Ani sempat bermalam di mess dan di akhir pekan dia izin untuk menginap di tempat suami. Agensi sudah mengizinkannya. Namun, 3 hari kemudian ketika dia kembali ke mess agensi, tiba-tiba ada polisi yang menangkapnya dan langsung membawa ke kantor polisi. Setelah diinterogasi beberapa jam, Ani dijemput petugas imigrasi. Setelah pendataan, ia langsung masuk penjara imigrasi, menurut keterangan tersebut.
Kemudian suaminya menghubungi Tim GANAS. Dari wawancara singkat kami pun segera melakukan pengecekan di website imigrasi Taiwan dan ternyata Ani dilaporkan pada hari yang sama saat dia keluar dari tempat agensi. Hal tersebut tentunya hal yang tidak adil bagi Ani, tulis keterangan tersebut.
Pihak GANAS pun segera koordinasi melapor ke pemerintah RI baik yang di Jakarta maupun Kantor Dagang dan Ekonomi Indonesia (KDEI) Taipei. Perwakilan pemerintah Indonesia pun bertindak cepat dengan menghubungi agensi, lalu meminta PMI tersebut dibebaskan, menurut keterangan tersebut.
Di hari itu juga, Ani yang masih di penjara imigrasi kemudian dijemput dan langsung diantar ke penampungan (shelter) yang berada di bawah pengawasan Depnaker Taiwan untuk menunggu proses pemutihan atau pencabutan pelaporan kaburan.
GANAS dalam pernyataannya menuliskan bahwa dari kasus tersebut, pihaknya sebagai organisasi advokasi PMI menuntut agensi tersebut harus mendapat sanksi tegas, salah satunya adalah blacklist.
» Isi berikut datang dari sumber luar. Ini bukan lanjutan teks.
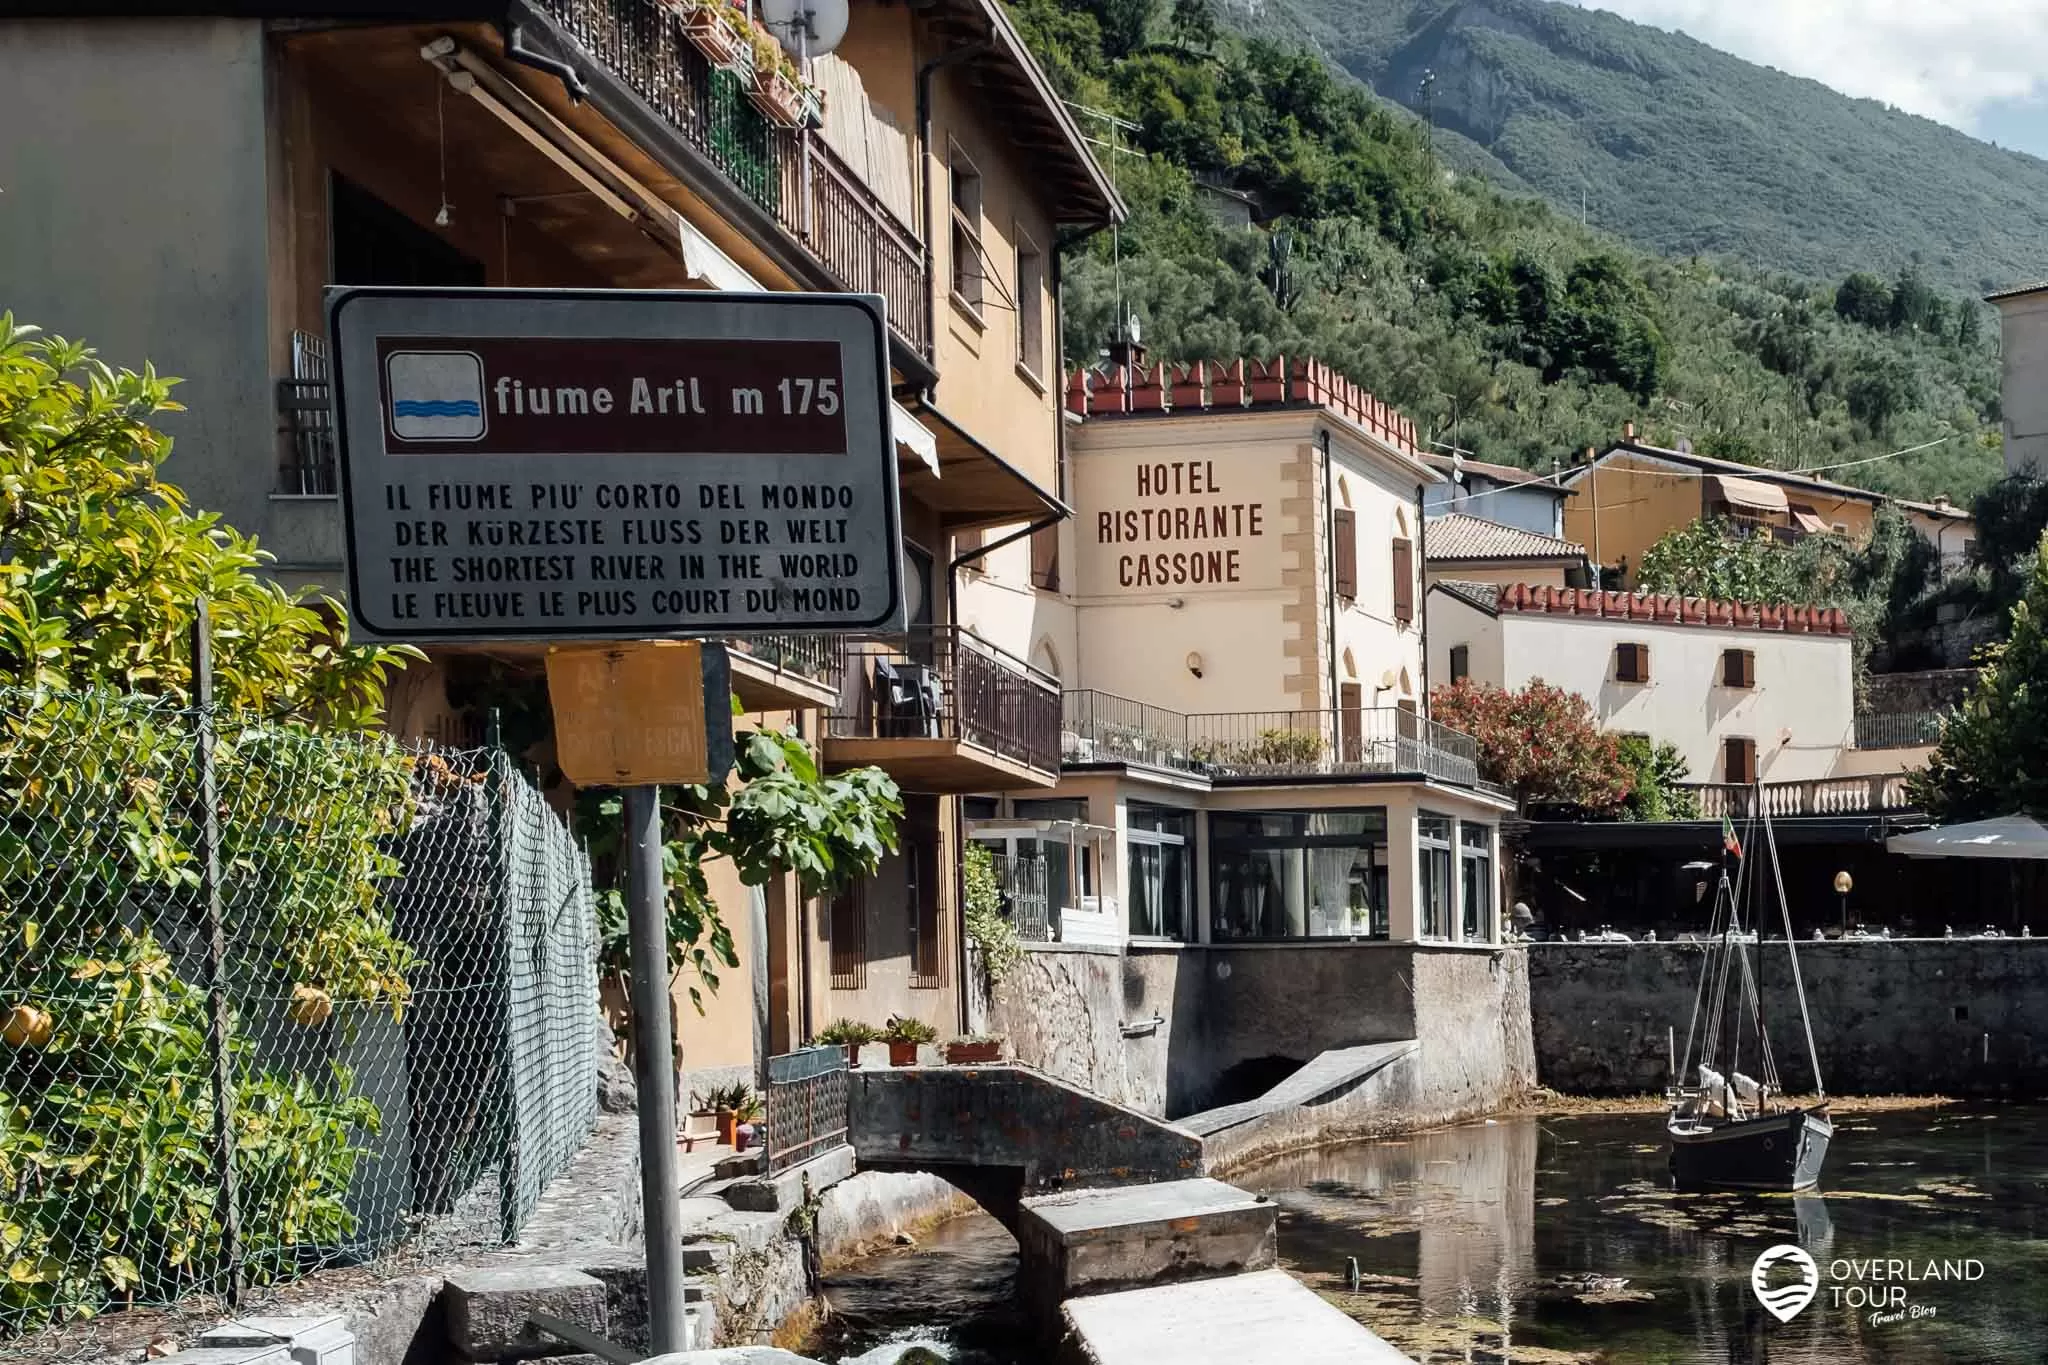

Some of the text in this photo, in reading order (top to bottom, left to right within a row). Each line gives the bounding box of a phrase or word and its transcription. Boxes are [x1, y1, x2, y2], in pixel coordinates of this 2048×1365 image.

Saat dihubungi oleh CNA, Fajar, ketua GANAS mengatakan bahwa langkah GANAS menyelesaikan masalah ini adalah setelah verifikasi kasus dan memberikan bukti kuat serta kronologi lengkap kemudian menghubungi KDEI dan Kementerian Pelindungan Pekerja Migran Indonesia (KP2MI) dan dilaporkan juga pada Perusahaan Penempatan Pekerja Migran Indonesia (P3MI) di Jakarta.
“Hingga saat ini pun kami terus koordinasi atas kasus ini,” ujar Fajar.
GANAS menuliskan himbauan pada keterangan media sosialnya mengenai kasus ini agar jadi pembelajaran bagi PMI di Taiwan.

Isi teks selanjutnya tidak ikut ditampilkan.